Citation: Dickson LB, Sanchez-Vargas I, Sylla M, Fleming K, Black WC IV (2014) Vector Competence in West African Aedes aegypti Is Flavivirus Species and Genotype Dependent. PLoS Negl Trop Dis 8(10): e3153. https://doi.org/10.1371/journal.pntd.0003153
Editor: Scott C. Weaver, University of Texas Medical Branch, United States of America
Received: March 7, 2014; Accepted: July 29, 2014; Published: October 2, 2014
Copyright: © 2014 Dickson et al.
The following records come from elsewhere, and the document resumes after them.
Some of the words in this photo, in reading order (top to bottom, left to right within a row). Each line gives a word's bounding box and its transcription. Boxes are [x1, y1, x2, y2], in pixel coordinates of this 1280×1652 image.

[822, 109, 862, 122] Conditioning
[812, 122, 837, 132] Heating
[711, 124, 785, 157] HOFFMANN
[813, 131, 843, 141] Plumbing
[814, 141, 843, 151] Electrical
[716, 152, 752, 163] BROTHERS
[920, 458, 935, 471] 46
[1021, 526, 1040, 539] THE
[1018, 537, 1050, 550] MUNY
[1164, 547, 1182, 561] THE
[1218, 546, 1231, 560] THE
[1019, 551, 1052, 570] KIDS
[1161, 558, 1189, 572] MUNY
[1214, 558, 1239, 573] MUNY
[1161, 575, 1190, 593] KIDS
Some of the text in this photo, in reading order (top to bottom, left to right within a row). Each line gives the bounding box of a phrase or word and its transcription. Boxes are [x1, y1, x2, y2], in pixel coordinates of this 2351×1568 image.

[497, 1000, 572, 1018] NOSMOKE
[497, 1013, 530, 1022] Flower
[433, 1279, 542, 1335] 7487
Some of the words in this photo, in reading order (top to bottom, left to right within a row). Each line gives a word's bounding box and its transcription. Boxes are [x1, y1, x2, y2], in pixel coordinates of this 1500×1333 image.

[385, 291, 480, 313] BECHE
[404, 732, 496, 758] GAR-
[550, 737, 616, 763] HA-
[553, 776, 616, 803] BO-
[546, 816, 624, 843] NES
This is an open-access article distributed under the terms of the Creative Commons Attribution License, which permits unrestricted use, distribution, and reproduction in any medium, provided the original author and source are credited.
Funding: This work was supported by NIH R01AI0833680. The funders had no role in study design, data collection and analysis, decision to publish, or preparation of the manuscript.
Competing interests: The authors have declared that no competing interests exist.
Aedes aegypti is the primary vector of yellow fever virus (YFV) and all four serotypes of dengue viruses (DENV1-4), as well as being a known vector of chikungunya virus. Dengue remains an important public health problem with an expected 390 million cases per year . Although there are fewer dengue cases in Africa compared to other regions, there are 11 African countries endemic for DENV, and the World Health Organization (WHO) continually reports DENV outbreaks in previously unreported geographic areas. Furthermore, it was recently estimated that in 2007 alone, 656 million fevers occurred in African children under the age of five . However, in only 78 million of these cases was it likely that the child was infected with Plasmodium falciparum. Despite the enormous number of acute non-malarial febrile illnesses in sub-Saharan Africa, their etiologies are poorly defined .
Despite an effective vaccine, YF outbreaks still occur. Cases are occasionally reported in South America (11 endemic countries), but a majority of the cases are in Africa (33 endemic countries), and most of the outbreaks are in West Africa . According to the WHO 200,000 cases of YFV causes 30,000 deaths each year .
Both YFV and DENV belong to the family Flaviviridae and have a single-stranded positive sense RNA genome. There are four antigenically distinct serotypes of DENV (1-4) and all four serotypes are currently found in Africa. In West Africa, DENV-2 is an important serotype because it includes the sylvatic genotype with a high potential for emergence –. Sylvatic genotypes are transmitted between monkeys in forested areas, while cosmopolitan genotypes are transmitted between humans in urban areas. The sylvatic genotype has been isolated from mosquitoes, monkeys, and humans – in West Africa, but is genetically distinct from epidemic isolates , . Different genotypes as well as different lineages within genotypes can result in differences in both vector capacity and the severity of human disease . Genetic differences in YFV isolates are also an important predictor of vector capacity. There are seven genotypes of YFV found worldwide, two of which (West African Genotypes I and II) are endemic in West Africa. The genetic differences among YFV isolates are geographically associated with outbreaks in Africa. Specifically, West Africa genotype I is responsible for a majority of outbreaks and is genetically heterogeneous relative to other genotypes .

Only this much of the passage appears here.